今よりも人生がもっとうまくいっていれば、と思っている人は数多くいるでしょう。
私ズンダもその一人であります。
けれども、そのためには自分の現状を把握し、能力を向上させなければならない。
能力主義(=メリトクラシー)がどんなに嫌いでも、社会は個人に能力を求めていますし、私たち個人も、何らかの成長を感じることで充実感を得られるようになっています。
何も変わらない日常を愛するには老成が求められ、
若い血潮にとって「変化なき日常」は苦痛なのです。
では、いったいどうすれば私たちは幸福感を得ながら、立派な水夫として人生の航路を漕いでいけるのでしょうか。
今回紹介する本『データ管理は私たちを幸福にするか?』は自己の状態を細かくデータ化することにより人々は幸福になれるといいます。

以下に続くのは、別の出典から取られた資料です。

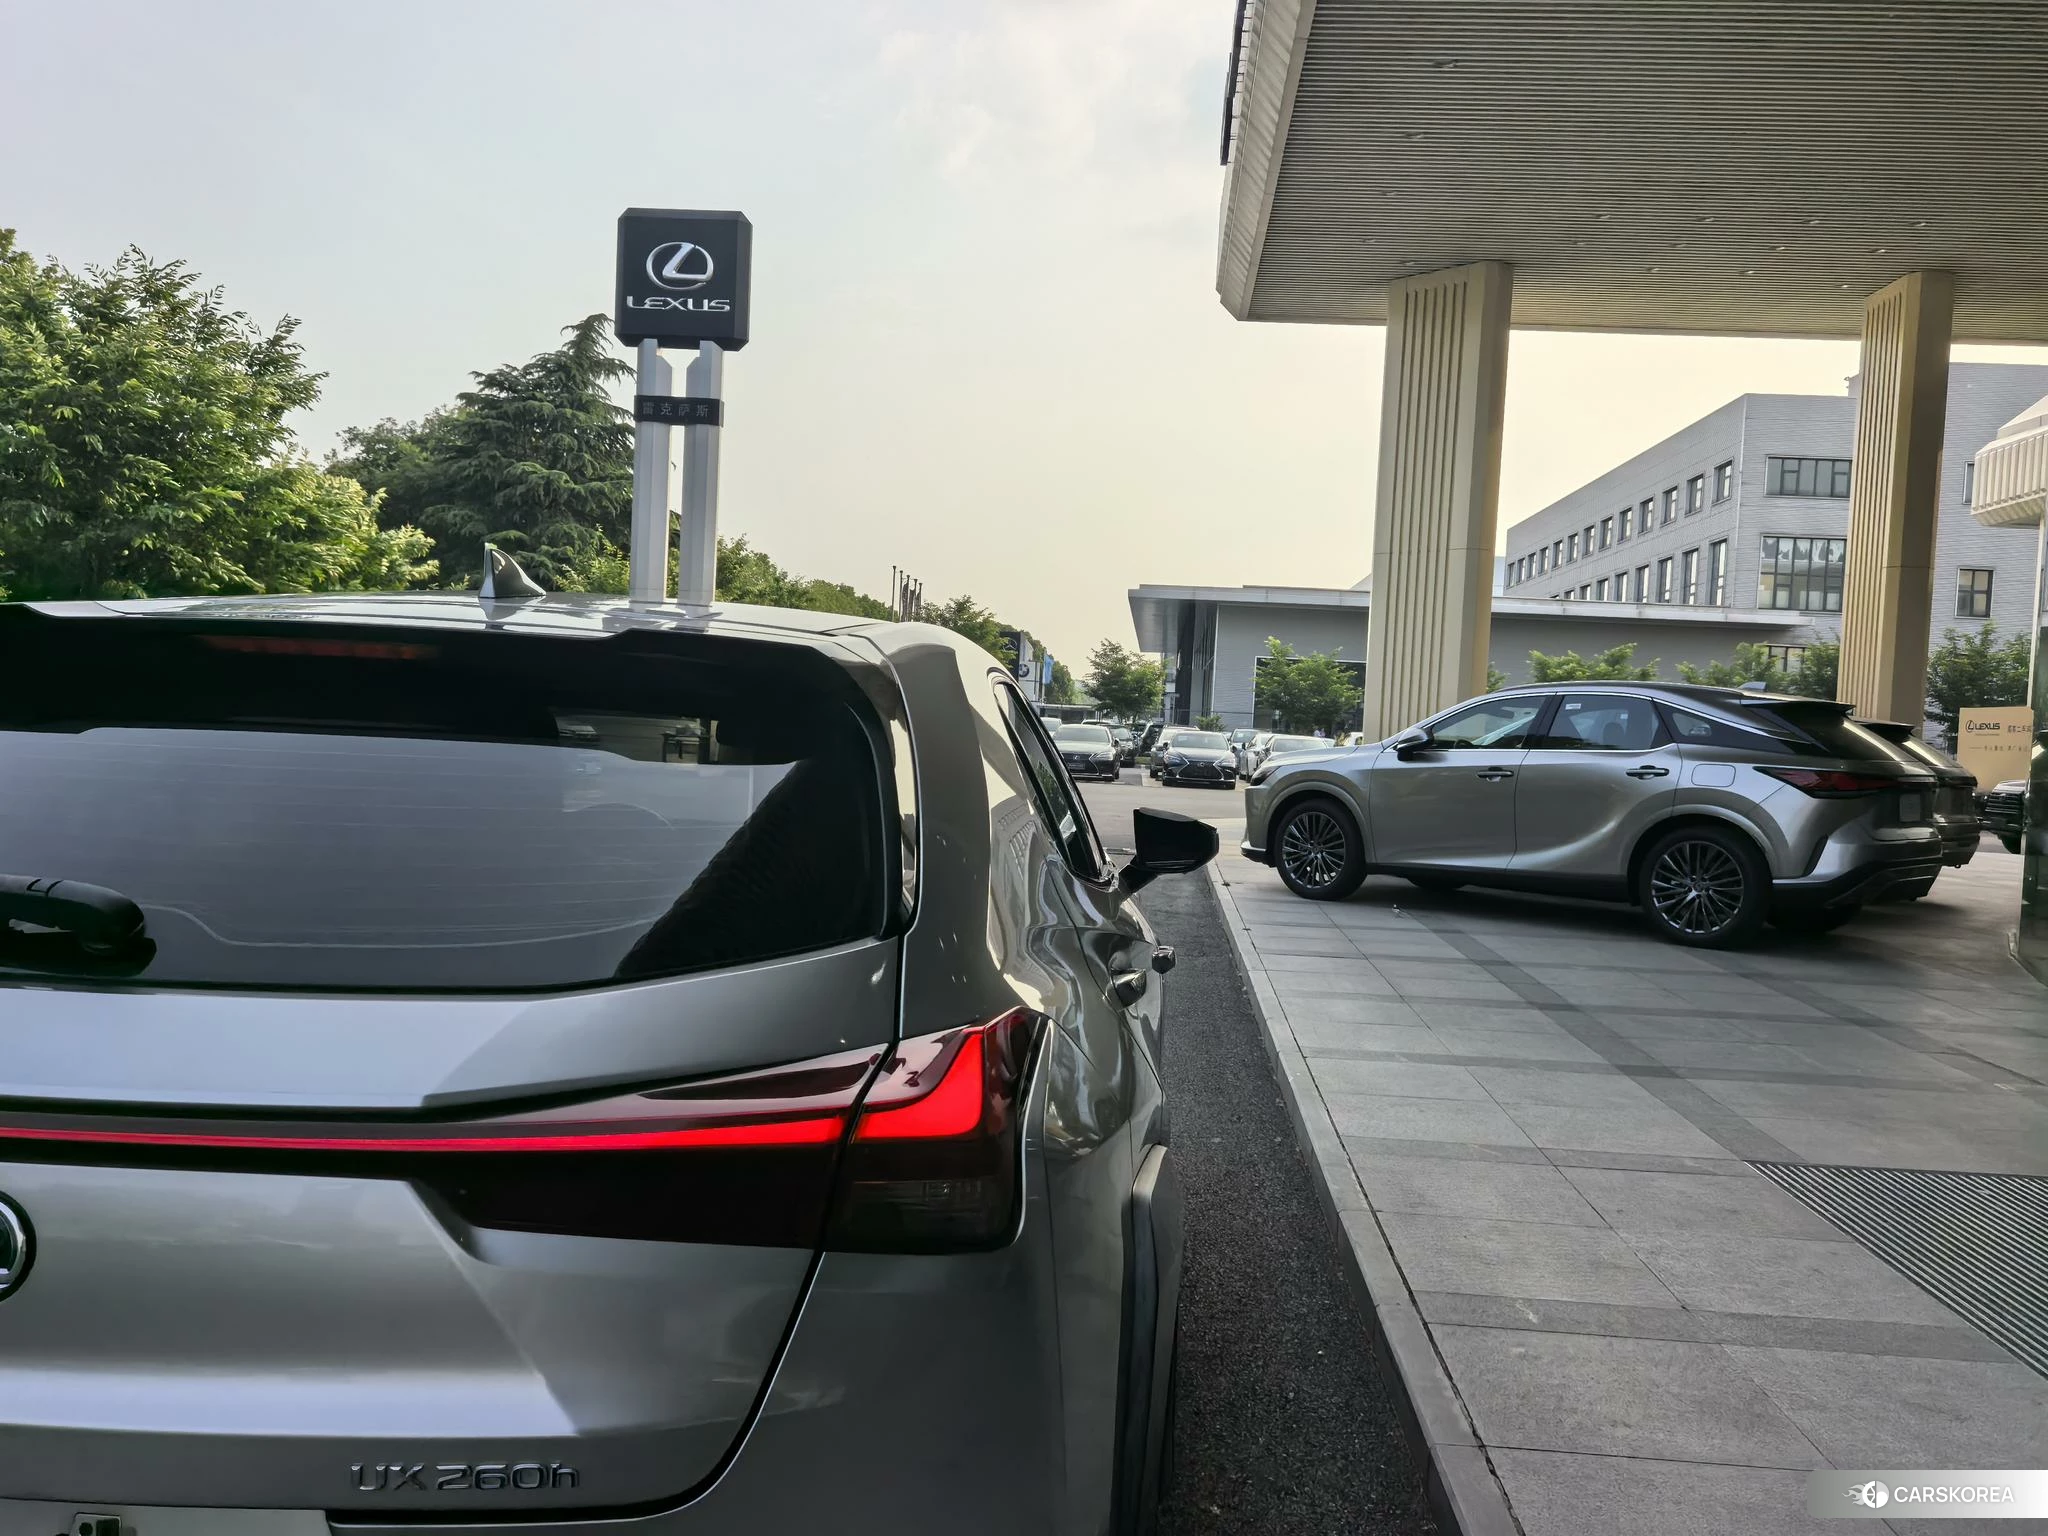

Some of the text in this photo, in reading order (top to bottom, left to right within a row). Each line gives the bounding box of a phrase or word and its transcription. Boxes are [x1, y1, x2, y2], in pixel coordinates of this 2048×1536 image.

[626, 296, 730, 312] LEXUS
[642, 401, 710, 417] 雷克萨斯
[1974, 722, 2001, 731] LEXUS
[351, 1460, 580, 1492] UX 260h

これは個人だけでなく、社会全体にとっても利益があると主張されている点が重要です。
もちろん、このデータ化は政府や企業による個人情報の支配や漏洩につながる可能性もあります。
危険性や倫理性の検討も本書では行われています。
それゆえ、この本の副題には「自己追跡の倫理学」と銘打たれているわけです。
この記事では全体をざっくばらんに理解できるよう紹介していきます。
自己の成長に興味のある方には必読です。
努力すればできる!はウソである
「できるようになる」ためには?
堀内氏は、人間は自身の意志を強く持つことで何かができるようになる生き物ではない、といいます。
コロナ禍における自粛を例にあげています。
「COVID-19コミュニティモビリティレポート」というGoogleマップから取得したデータをもとに人々がどれだけ移動していたかをまとめたものです。
これをみると、自粛をしていた人々の割合が大凡わかります。
第一回目の緊急事態宣言が発令された二〇二〇年四月七日から五月二十五日の東京都の人では、「辱場」では40%減、「小売店と娯楽施設」・「公共交通機関」では約60%減だった。
しかし、その約一年後となる二〇二一年五月六日から六月一七日のデータでは、「職場」では22%減、「小売店と娯楽施設」では27%減、「公共交通機関では31%減になっている。
外出自粛の割合は一年ほどで緊急事態宣言の発令時点のおよそ半分になってしまったわけだ。
私たちは最初期の段階ではコロナに怯え、自粛を積極的に行っていました。
ですが、時間が経つほどコロナへの恐怖になれたり、コロナの実態がそこまで恐ろしいモノではないと考えたりした結果、自粛する人々が減っていきます。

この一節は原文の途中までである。